A heating system's whole purpose is to move heat from the boiler into the rooms that need it — and the point where that transfer finally happens is the heat emitter. For Level 2, you need to recognise the main emitter types, know where they should be fitted, understand how they connect to the pipework, and identify each of the three radiator valves by sight and by function. This post walks you through each in turn, finishing with a ten-question mock test and full explanations.
This is the dedicated deep-dive on emitters and valves within the Level 2 heating cluster. For the broader controls picture — pumps, motorised valves, thermostats and programmers — see the heating controls post. For where all this sits in a complete system, see the Level 2 plumbing heating revision guide.
Heat emitter types you need to recognise
When the Central Heating workbook talks about "heat emitters" it means any component that transfers heat from the system water into the room. Most of the time that's a radiator, but the exam will test a few others, and you should be able to identify each one from a photograph.
Panel radiators
The most common type. They come in three main variants:
- Single panel — one flat panel
- Single panel with convector — one panel with corrugated fins welded to the back, which increase the surface area (and therefore the heat output)
- Double panel with convector — two panels with fins between them. Highest output per unit length, but deeper, so they stand further off the wall
A useful way to think about convector fins: a radiator gives off around 85% of its heat by convection and only around 15% by radiation. Despite the name, radiators are really convection heaters. Fins dramatically boost the convecting surface area without making the radiator any longer.
Column radiators
Old-style radiators built from welded columns. Heavy, characterful, still popular in period properties.
Fan convectors
Use an electric fan to speed up convection. You'll see two forms:
- Wall-mounted fan convectors
- Kick-space (or "plinth") heaters, which tuck under kitchen cabinets
Low surface temperature (LST) radiators
Panel radiators inside a protective casing so the outer surface doesn't exceed a safe touch temperature. Fitted in nurseries, schools, community centres and care homes — anywhere a standard radiator would be a burn risk.
Towel warmers
In bathrooms. Available with or without an integrated panel radiator built in.
Picking and positioning the radiator
Two principles drive radiator choice and placement.

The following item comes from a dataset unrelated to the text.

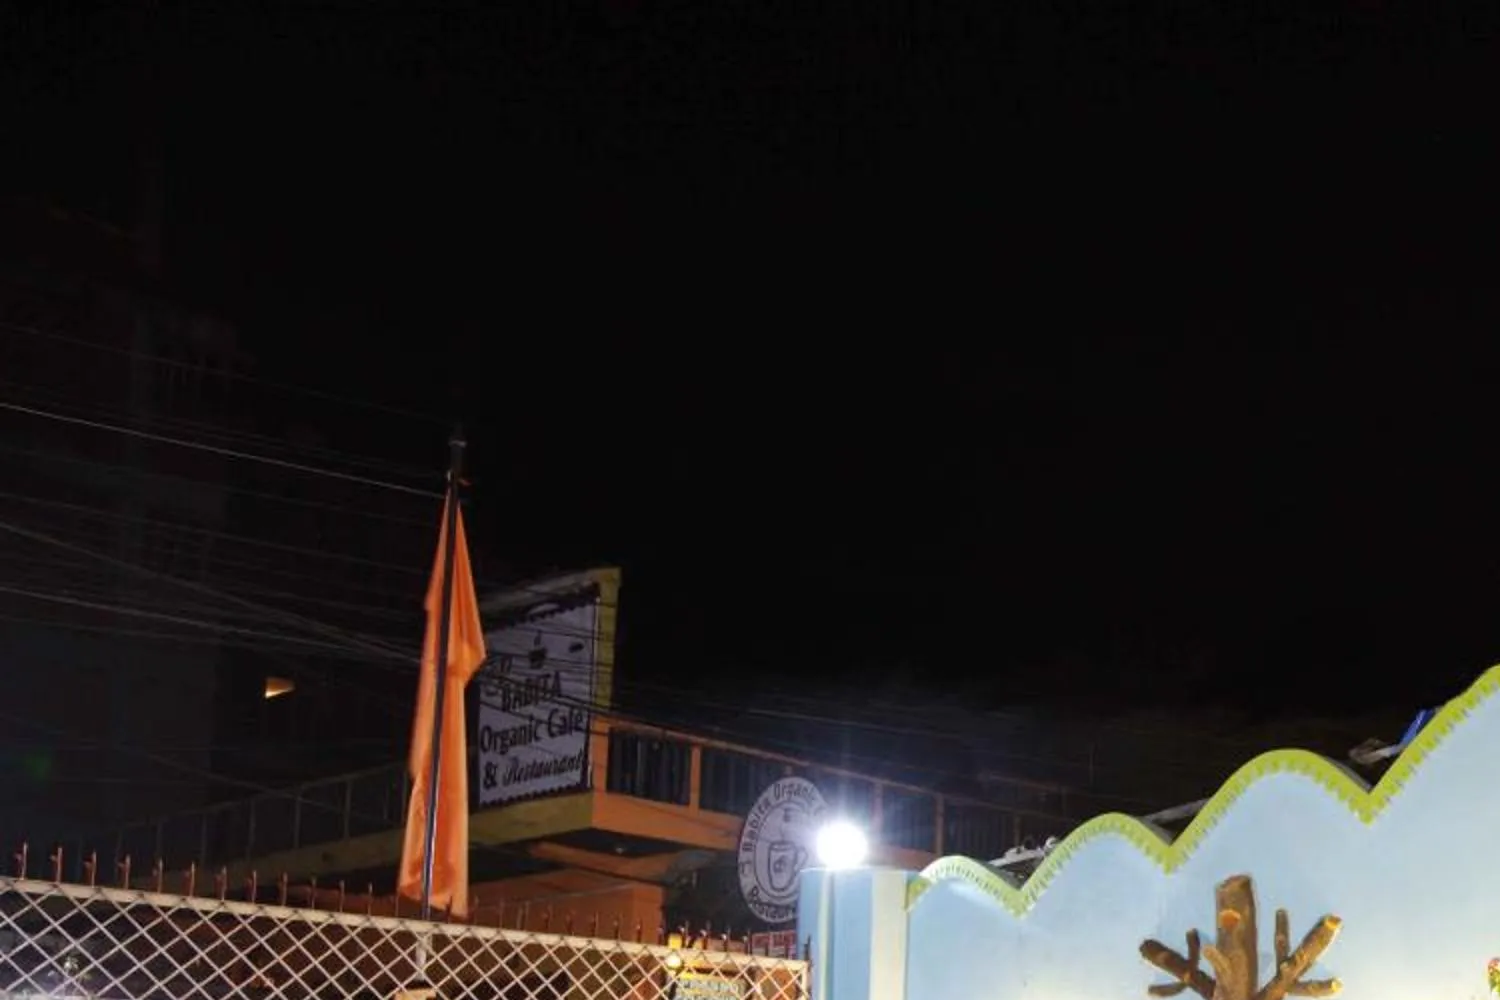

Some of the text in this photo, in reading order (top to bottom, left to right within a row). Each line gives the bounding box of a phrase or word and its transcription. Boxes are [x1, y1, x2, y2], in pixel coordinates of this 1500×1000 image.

First, the output must match or exceed the heat loss of the room. Heat is lost through the fabric (windows, walls) and through ventilation. A manufacturer's catalogue lists Watts output per model, and you pick a radiator — or a combination of radiators — that at least equals the calculated loss.
Second, the heat needs to distribute evenly. In larger rooms, two or three smaller radiators usually beat one big one. Radiators should be fitted where the room is coldest — typically under windows and on external walls — because that's where the cold draughts start, and placing the emitter there balances the air temperature across the room.
Some installation points that come up in the exam:
- Radiators are fitted approximately 150mm off the floor so air can circulate under them. The bottom feeds the convection current; without that gap, output drops noticeably.
- Radiators should not be fitted directly under an overhanging windowsill — the sill would block the rising warm air.
- On a plasterboard stud wall, fit a timber pad between the studs, behind the plasterboard. Bracket the radiator into that. Plasterboard alone will not hold a full radiator's weight.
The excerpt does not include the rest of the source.